Most home or property buyers in the United States obtain a mortgage when purchasing a home. A mortgage is essentially a loan from a bank or other lender for the purchase price of the home. The buyer must then make monthly payments to the lender until the loan is paid in full. When a debtor gets behind on the payments, the lender may initiate foreclosure proceedings. A homeowner that is facing foreclosure may have foreclosure alternatives, including refinancing the home, selling the home, executing a deed in lieu of foreclosure, or filing for bankruptcy protection.

Homeowners may be able to refinance their home loan to avoid foreclosure.
Homeowners may be able to refinance their home loan to avoid foreclosure.

Foreclosure proceedings will vary somewhat by jurisdiction, but the basic concept remains the same. When a debtor is delinquent in the monthly payments, the lender may immediately call the total amount of the loan due and payable. The lender may then petition the court to foreclose on the property, which gives legal title of the home back to the lender.

One of the many foreclosure alternatives is to attempt to refinance the loan. Many lenders will actually work with the borrower to find a way to refinance the home. In some cases, they will add the late payments to the end of the loan or reamoratize the loan. If the lender will not work the debtor, a debtor may be able to find another lender that will refinance the entire loan thereby avoiding foreclosure.

As the practical realty of a foreclosure proceeding is that the entire balance of the loan becomes due and payable, another one of the foreclosure alternatives is to sell the property. If the current market value of the home is less than what is owed on the mortgage, the debtor may be able to obtain permission from the lender to sell the property in a short sale. In a short sale, the property is sold for the current market value of the property and the lender agrees to forgive any remaining deficit on the loan.

A deed in lieu of foreclosure is one of the less popular foreclosure alternatives; however, it has advantages over a foreclosure. A deed in lieu of foreclosure simply signs the property back over to the lender without the need for a formal foreclosure lawsuit. The benefit to the debtor is that any additional indebtedness incurred in a foreclosure proceeding is avoided. The public nature of a foreclosure is also avoided by executing a deed in lieu of foreclosure.
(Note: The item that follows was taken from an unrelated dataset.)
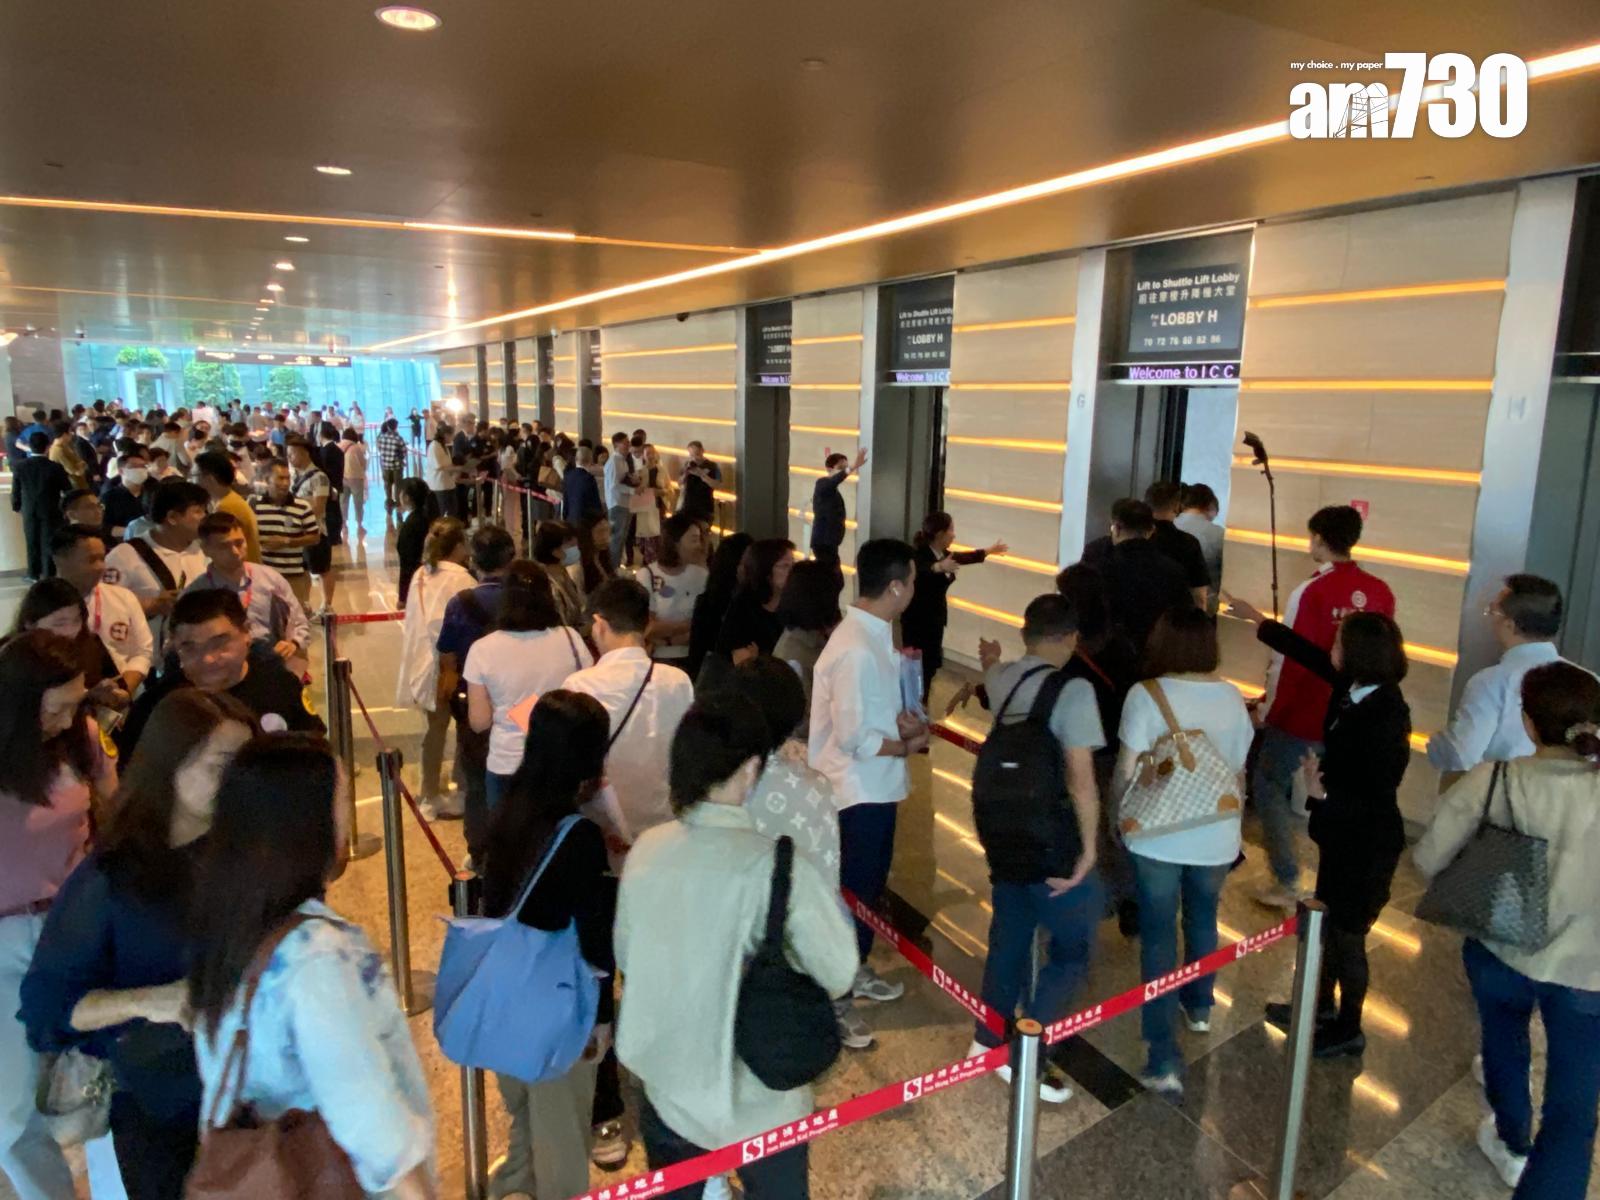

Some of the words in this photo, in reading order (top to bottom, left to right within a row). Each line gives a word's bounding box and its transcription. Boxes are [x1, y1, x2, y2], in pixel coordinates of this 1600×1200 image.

For debtors that believe their current financial situation is likely to improve, filing for bankruptcy protection is one of the best foreclosure alternatives. An automatic stay is granted when a bankruptcy petition is filed, which prevents all creditors from continuing, or initiating, any collection efforts. During the bankruptcy, the debtor may be able to make arrangements to catch up the payments and avoid the foreclosure altogether.